= ABOUT THIS EXERCISE =
Transcribe all of the data exactly. Omit the pictures.

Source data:
====
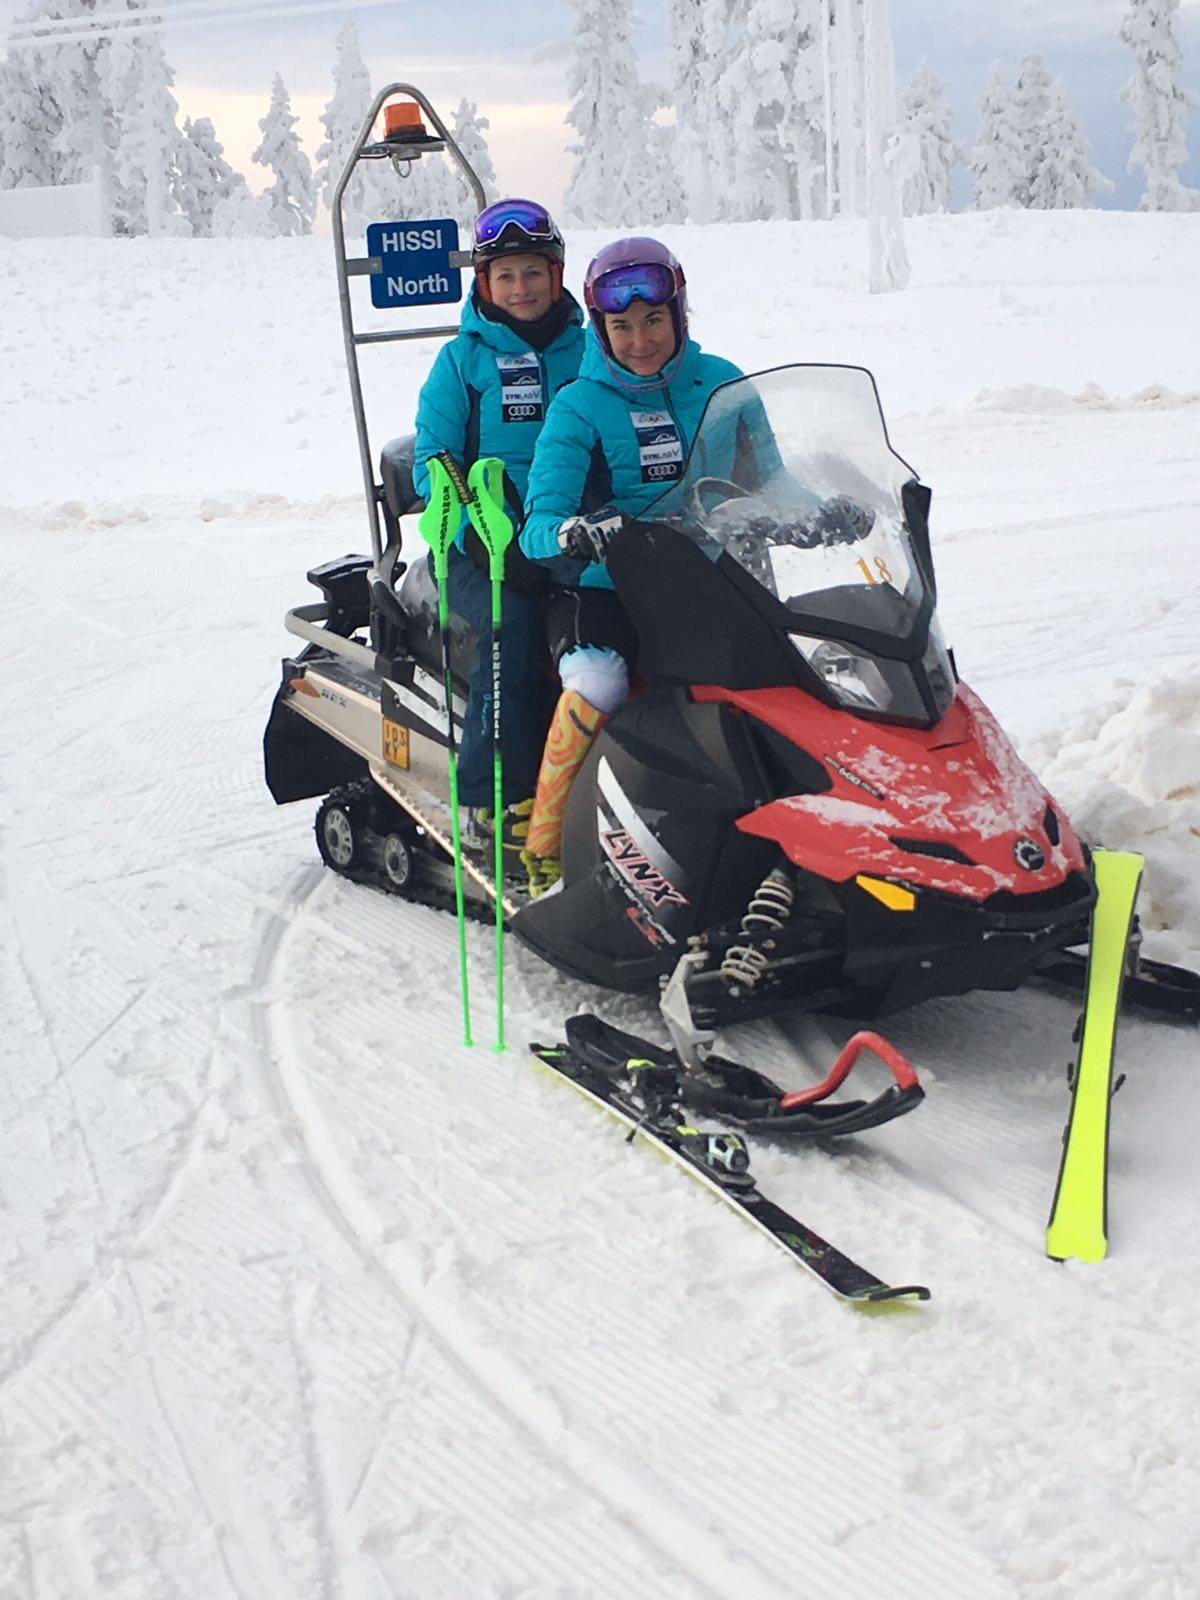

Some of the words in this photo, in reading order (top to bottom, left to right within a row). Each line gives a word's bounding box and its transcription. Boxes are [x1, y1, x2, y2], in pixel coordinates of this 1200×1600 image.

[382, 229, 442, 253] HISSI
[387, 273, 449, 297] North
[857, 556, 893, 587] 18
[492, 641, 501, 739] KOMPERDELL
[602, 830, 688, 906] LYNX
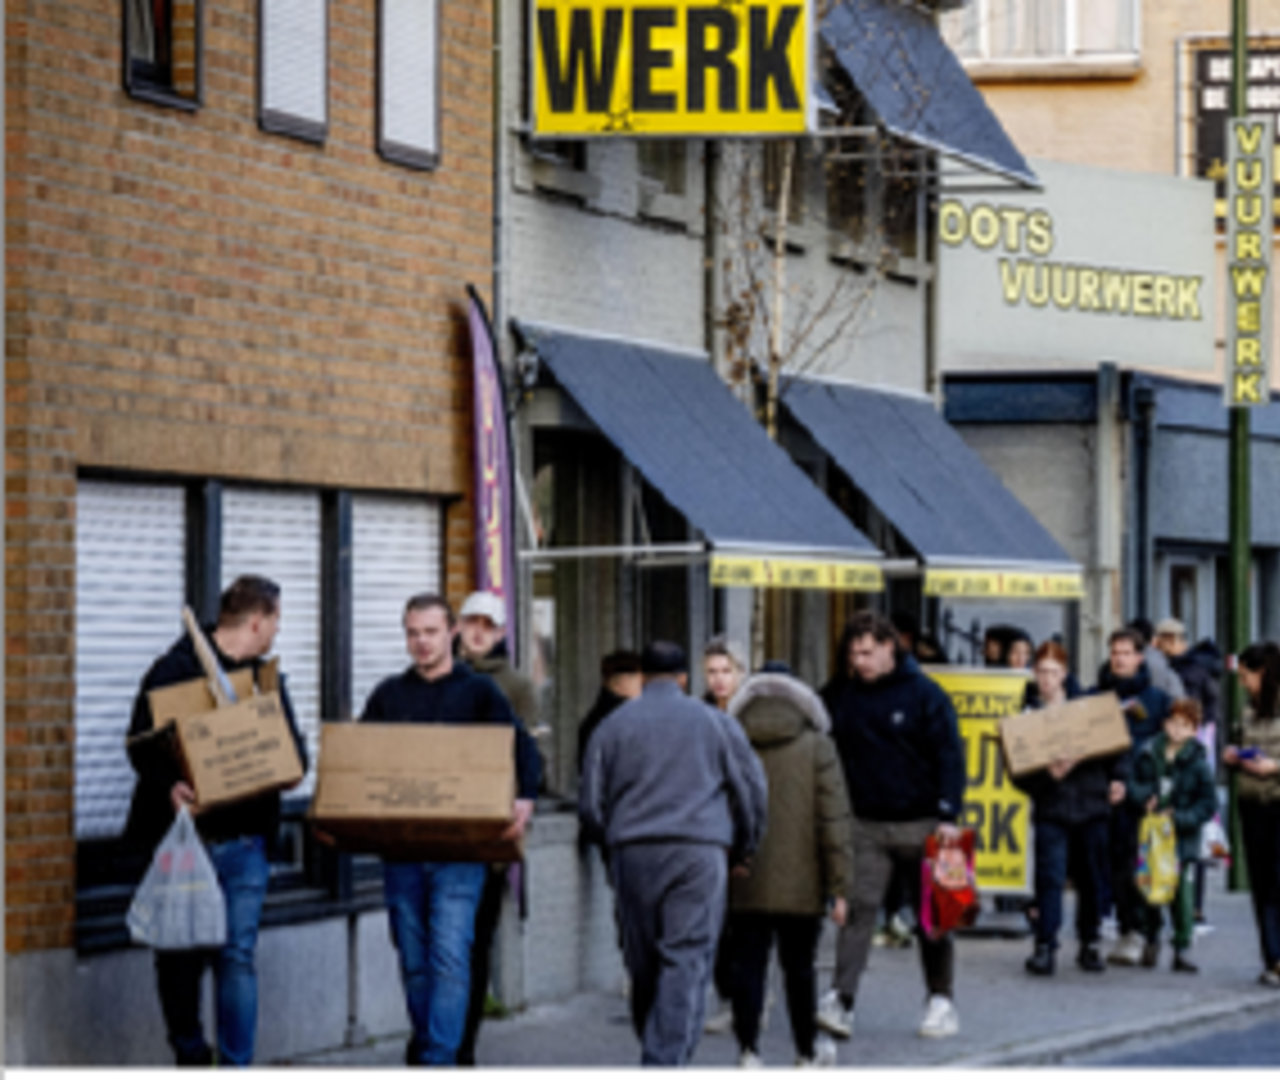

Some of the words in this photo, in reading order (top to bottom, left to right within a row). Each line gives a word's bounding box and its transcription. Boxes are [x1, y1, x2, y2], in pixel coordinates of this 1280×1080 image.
====
= SOLVED EXERCISE =
Some of the words in this photo, in reading order (top to bottom, left to right within a row). Each line gives a word's bounding box and its transcription. Boxes are [x1, y1, x2, y2], in pixel coordinates of this 1200×1600 image.

[382, 229, 442, 253] HISSI
[387, 273, 449, 297] North
[857, 556, 893, 587] 18
[492, 641, 501, 739] KOMPERDELL
[602, 830, 688, 906] LYNX

Some of the words in this photo, in reading order (top to bottom, left to right within a row). Each line gives a word's bounding box and its transcription. Boxes are [x1, y1, x2, y2], in pixel coordinates of this 1280×1080 image.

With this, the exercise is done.